RheumPACER (PACER stands for Patient Centric Electronic Redesign) synthesizes information from a patient questionnaire that is filled out on a touch screen upon arrival at the doctor’s office. It includes questions about function levels, pain, fatigue, stiffness, social situation, events since the last visit, and other criteria. That information is calculated into disease activity scores, stored, compared to previous values, and sent to the system for immediate viewing by the physician.
RheumPACER also synthesizes information from nurses, the physician, and the EHR.
The information is viewable in a series of tabs, for general information, review of outcome trends, documentation for physician and patient, and quality analysis and reporting.
All of this, Dr.
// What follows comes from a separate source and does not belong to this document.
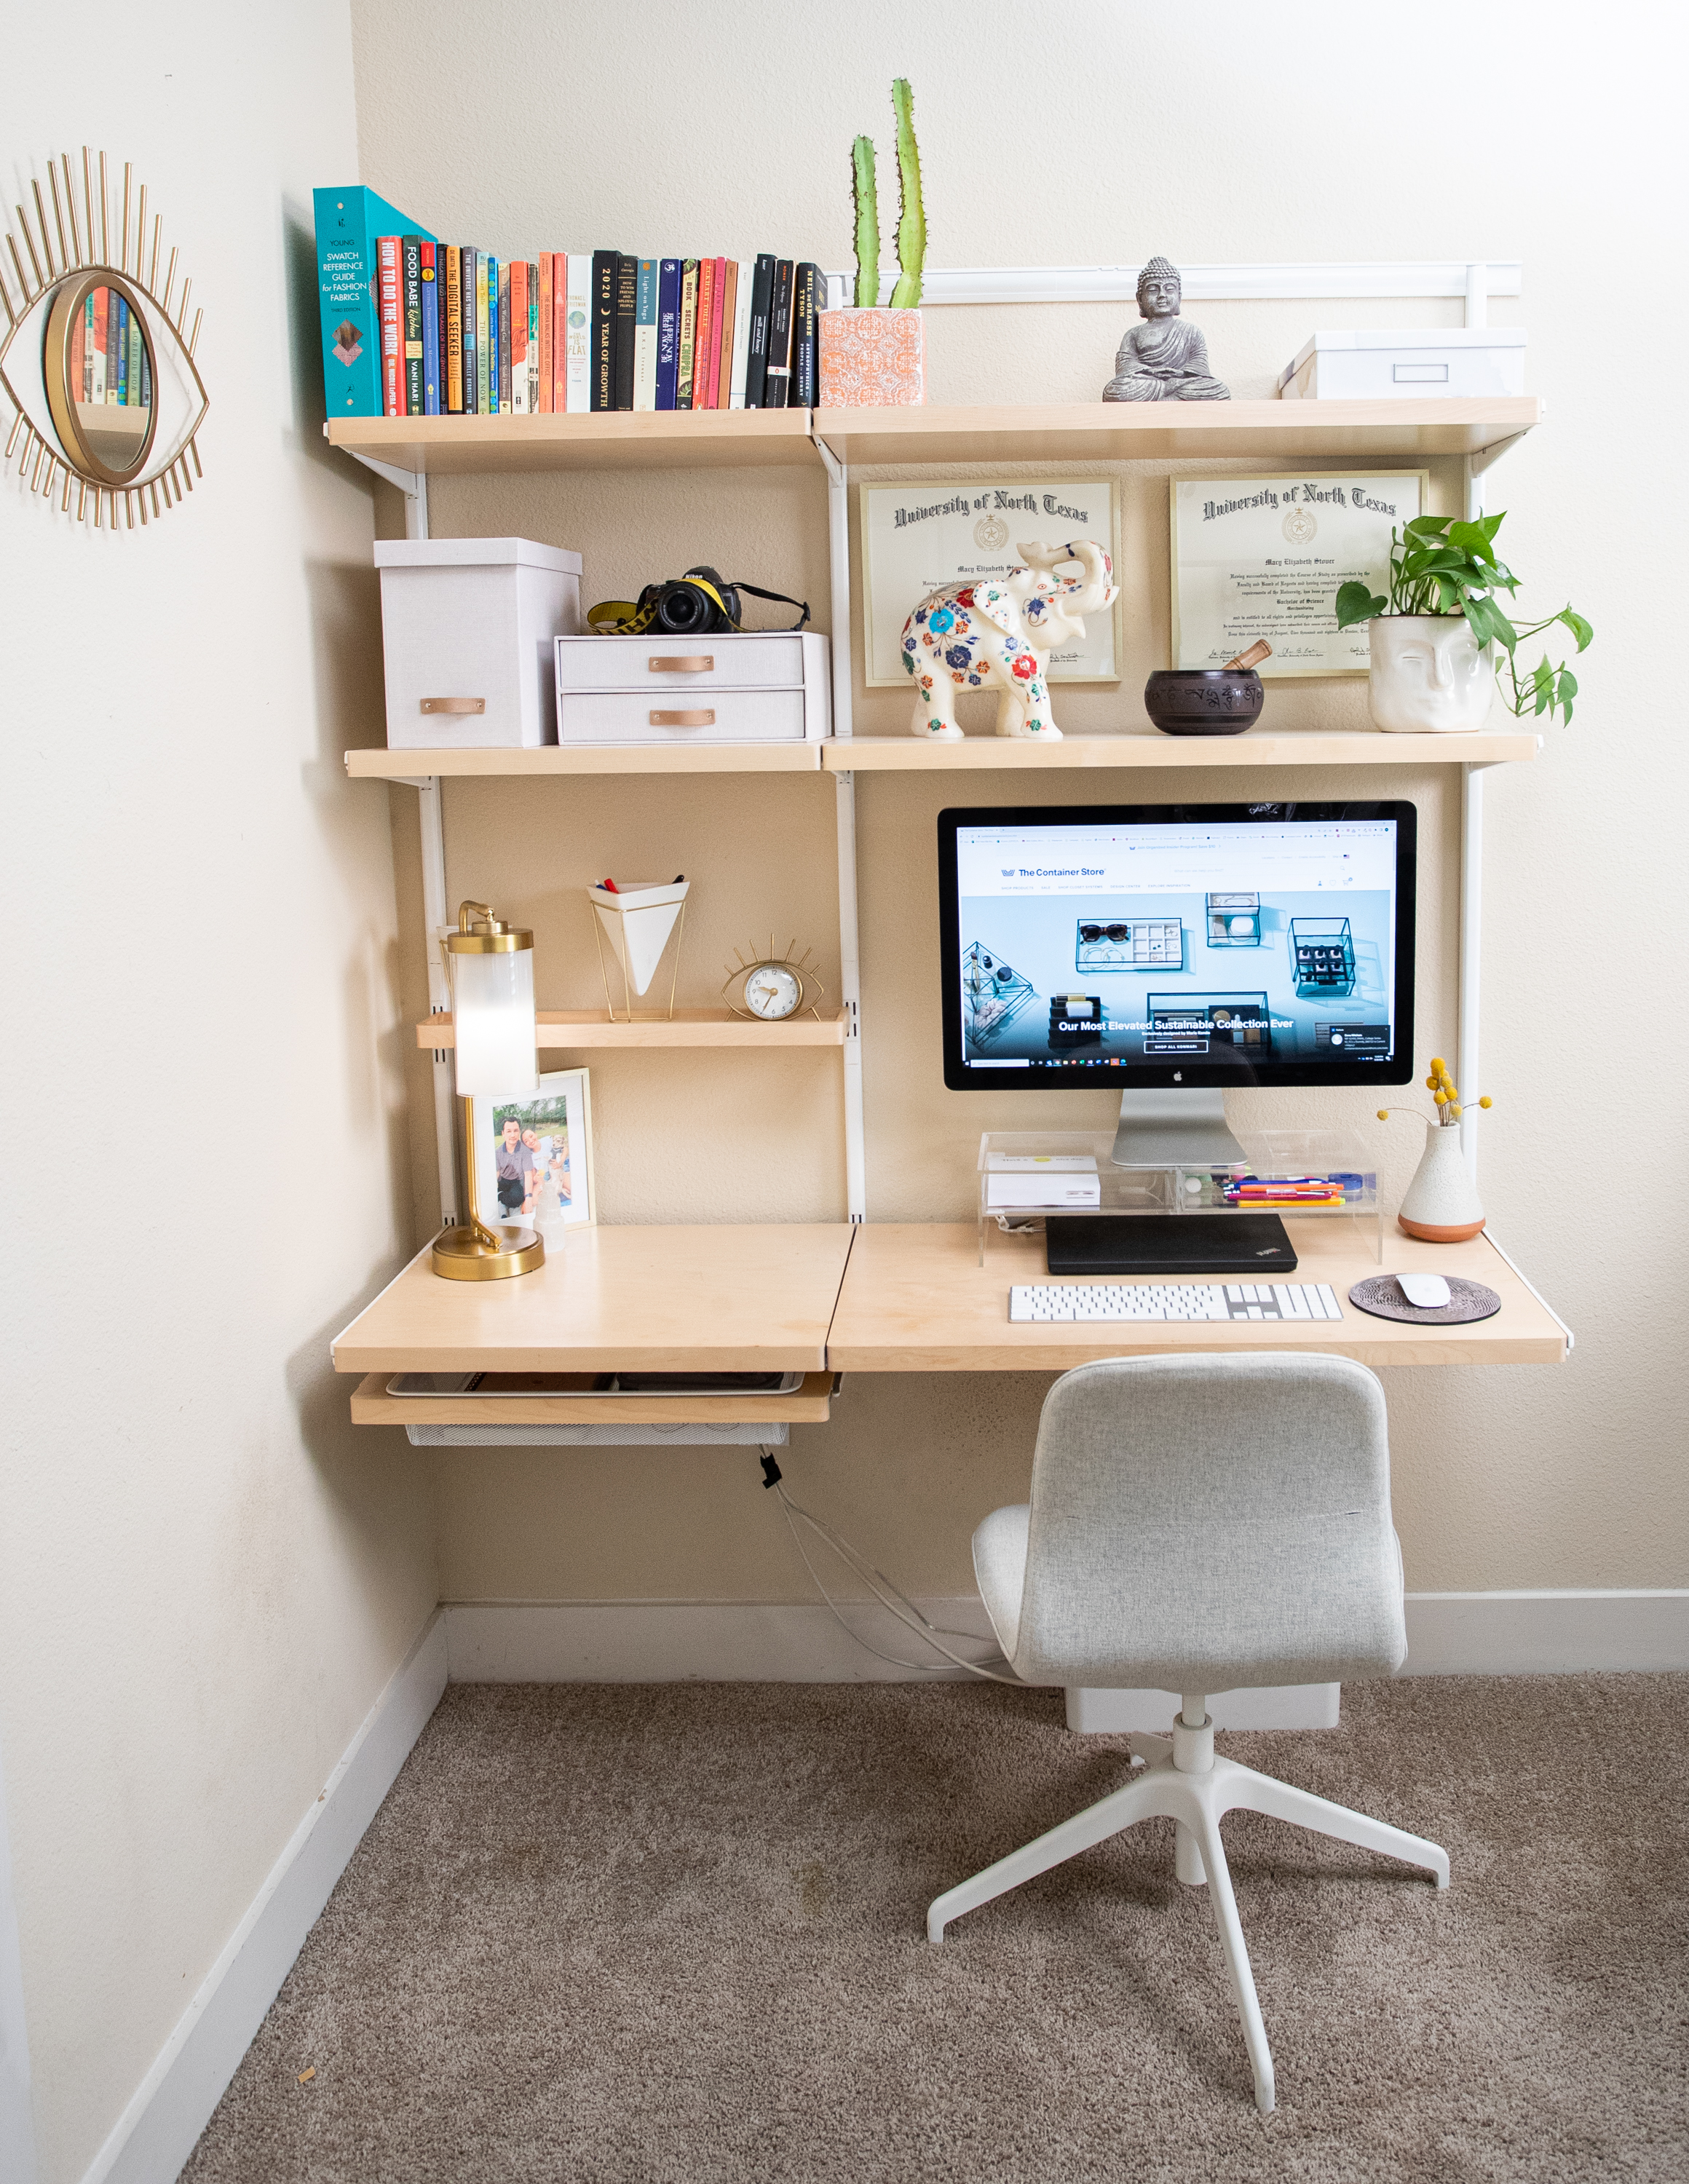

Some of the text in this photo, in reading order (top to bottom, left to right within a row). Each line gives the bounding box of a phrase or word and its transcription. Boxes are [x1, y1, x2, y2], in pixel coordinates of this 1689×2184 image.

Newman says, saves the doctor and the patient time during office visits and lets treatment decisions be made based on the most current data, so that treatments dovetail with the status of the patient.
“I will have a really good idea about if you’re doing well or not doing well in a quantitative fashion, so that you and I can do problem solving when I walk in the room, instead of interrogating you for the first 10 minutes of a visit to see how you’ve been doing,” he says. “I walk into the room at 30 miles an hour instead of at zero.”